Nouwen appealed to many audiences, including Anglicans and evangelicals because of his Jesus-centered spirituality. In 1992 he was invited by Robert H. Schuller to preach on Hour of Power at the Crystal Cathedral in Garden Grove, California. Nouwen appeared over three consecutive Sundays and preached on the topic of belovedness. Recordings of his appearance were later used by Schuller as a model for preaching when instructing new ministers.

==Prizes==
- Christopher Award (1984) for Gracias!
- Thomas Merton Award (1985)
- Ronald McDonald House Charities Award of Excellence (1996)
- Emmausprisen (2002)

==Works about Nouwen==

===Books===
- Bengtson, Jonathan (2006). "Turning the wheel : Henri Nouwen and our search for God"
- Beumer, Jurjen (1997). "Henri Nouwen : a restless seeking for God"
- de Vinck, Christopher (1999). "Nouwen then : personal reflections on Henri"
- Ford, Michael (1999). "Wounded Prophet : A Portrait of Henri J.M. Nouwen"
- Hernandez, Wil (2006). "Henri Nouwen: A Spirituality of Imperfection"
- Higgins, Michael W. (2012). "Genius Born of Anguish: The Life & Legacy of Henri Nouwen"
- Jonas, Robert A., ed. Henri Nouwen: Writings Selected With an Introduction by Jonas. Maryknoll, NY: Orbis Books, 1998. ISBN 1-57075-197-8
- Jonas, Robert A., ed. The Essential Henri Nouwen. Boulder, CO: Shambhala Publications, 2009. ISBN 978-1-59030-664-2
- LaNoue, Deirdre (2000). "The Spiritual Legacy of Henri Nouwen"
- O'Laughlin, Michael (2004). "God's Beloved : A Spiritual Biography of Henri Nouwen"
- O'Laughlin, Michael (2005). "Henri Nouwen: His Life and Vision"
- Porter, Beth (2001). "Befriending Life: Encounters with Henri Nouwen"
- Twomey, Gerald S. (2006). "Remembering Henri : the life and legacy of Henri Nouwen"
- Wan, Milton Wan-yiu (1999). "The Spirituality of Liberation: Social Justice and Contemplative Prayer"
- Darton, Longman & Todd Ltd, (1994) The Return of the Prodigal Son: A story of Homecoming. ISBN 978-0-232-52078-1
- Random House Inc, (1979) Wounded Healer: Ministry in Contemporary Society. ISBN 978-0-385-14803-0
- SanFran. (April 22, 1981). Henri Nouwen: Intimacy. ISBN 978-0-06-066323-0

===Articles and essays===
- Callahan, Annice (1992). "Spiritual guides for today : Evelyn Underhill, Dorothy Day, Karl Rahner, Simone Weil, Thomas Merton, Henri Nouwen"
- Smith III, James D. (2006). "The subjective eye : essays in culture, religion, and gender in honor of Margaret R. Miles"
- Trenn, Thaddeus J. (2006). "Science and the Mystery of the Human Person"

=== Documentary ===
By Windborne Productions, and starring Susan Sarandon, Journey of the Heart: The Life of Henri Nouwen. The documentary featured enlightening dialogue with Nouwen, captured merely a year prior to his death.

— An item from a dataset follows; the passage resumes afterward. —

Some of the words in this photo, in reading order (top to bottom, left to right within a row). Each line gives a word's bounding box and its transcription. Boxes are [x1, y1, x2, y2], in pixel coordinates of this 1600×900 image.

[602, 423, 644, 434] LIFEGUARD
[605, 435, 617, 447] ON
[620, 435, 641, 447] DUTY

Interviews conducted with significant acquaintances, distinguished colleagues, and family members contributed to the comprehensive portrayal of Nouwen's unwavering faith - a person characterized by fervor and empathy.

=== Play ===
Commissioned by the Henri Nouwen Society in autumn 2019, Murray Watts wrote The Beloved Son, an eight-actor play whose premier took place at the Sheen Centre, New York. In January 2024, actor Andrew Harrison performed a one-man adaptation of the play at St Luke's, Upper Holloway.